• Problem details: Each entry should be restated word for word, with all pictures left out.

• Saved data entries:

----------------

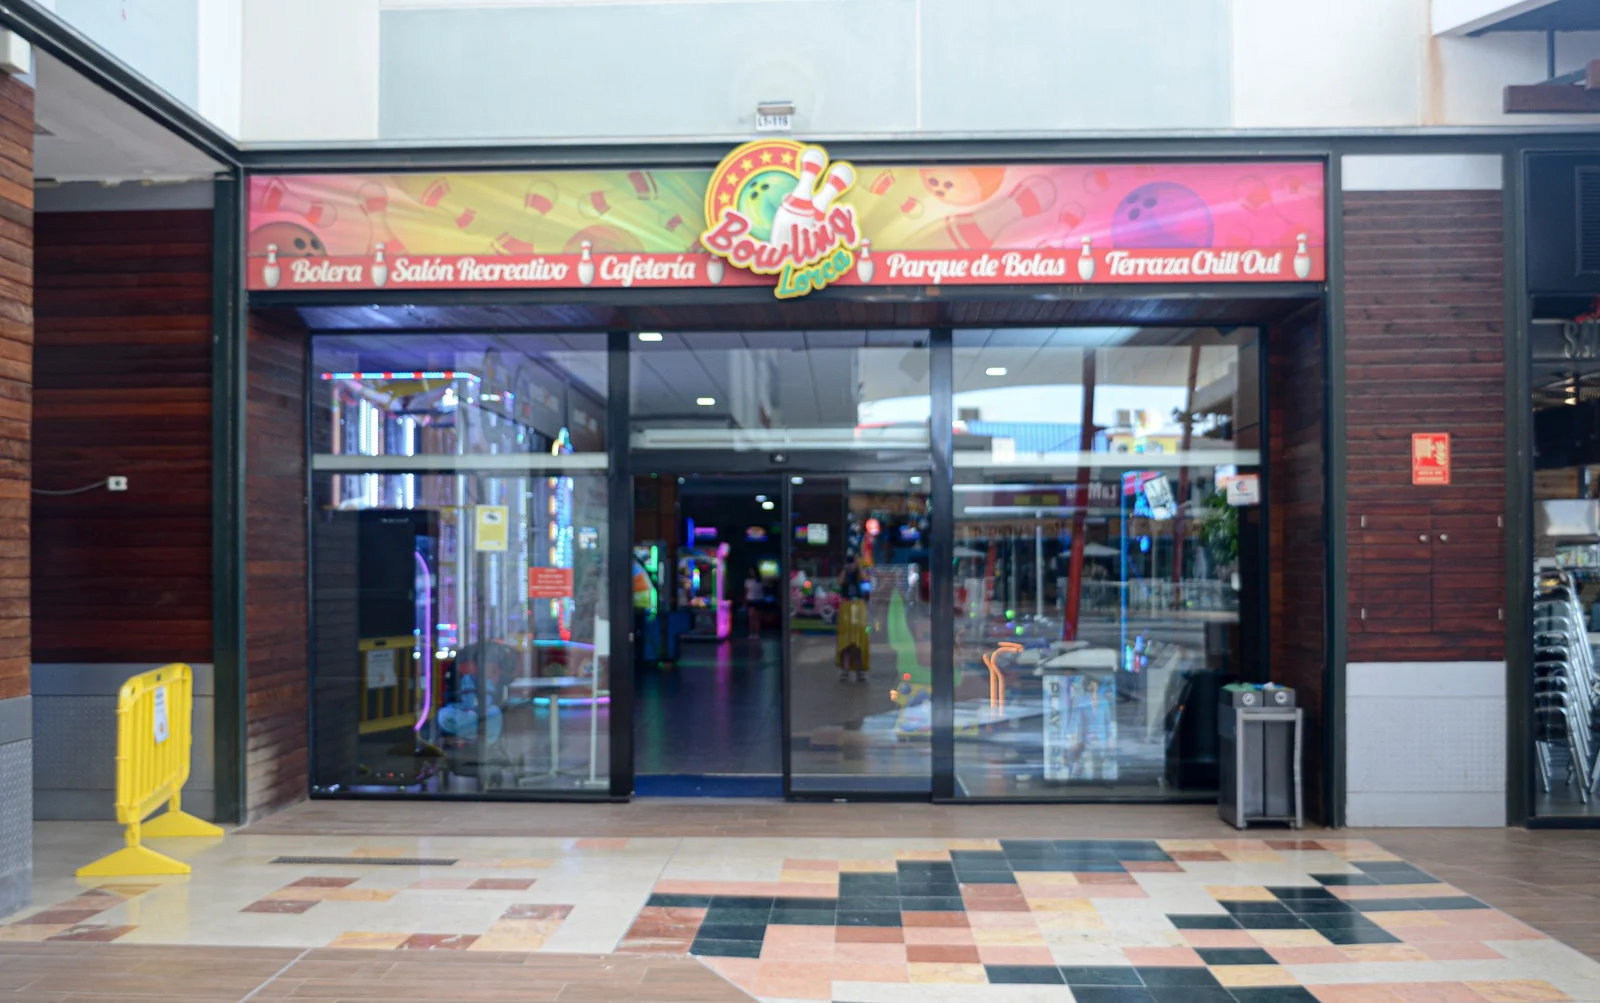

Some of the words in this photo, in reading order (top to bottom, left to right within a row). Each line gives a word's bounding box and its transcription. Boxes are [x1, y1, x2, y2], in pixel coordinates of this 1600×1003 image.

[706, 207, 858, 270] Bowling
[290, 258, 363, 283] Bolera
[391, 257, 454, 283] Salón
[456, 257, 570, 282] Recreativo
[599, 256, 696, 287] Cafetería
[779, 250, 852, 294] Lorca
[886, 253, 968, 284] Parque
[970, 254, 999, 277] de
[1001, 253, 1066, 277] Bolas
[1105, 251, 1190, 276] Terraza
[1191, 250, 1240, 275] Chill
[1240, 250, 1282, 275] Out

----------------

• Result of the exercise:
Some of the words in this photo, in reading order (top to bottom, left to right within a row). Each line gives a word's bounding box and its transcription. Boxes are [x1, y1, x2, y2], in pixel coordinates of this 1600×1003 image.

[706, 207, 858, 270] Bowling
[290, 258, 363, 283] Bolera
[391, 257, 454, 283] Salón
[456, 257, 570, 282] Recreativo
[599, 256, 696, 287] Cafetería
[779, 250, 852, 294] Lorca
[886, 253, 968, 284] Parque
[970, 254, 999, 277] de
[1001, 253, 1066, 277] Bolas
[1105, 251, 1190, 276] Terraza
[1191, 250, 1240, 275] Chill
[1240, 250, 1282, 275] Out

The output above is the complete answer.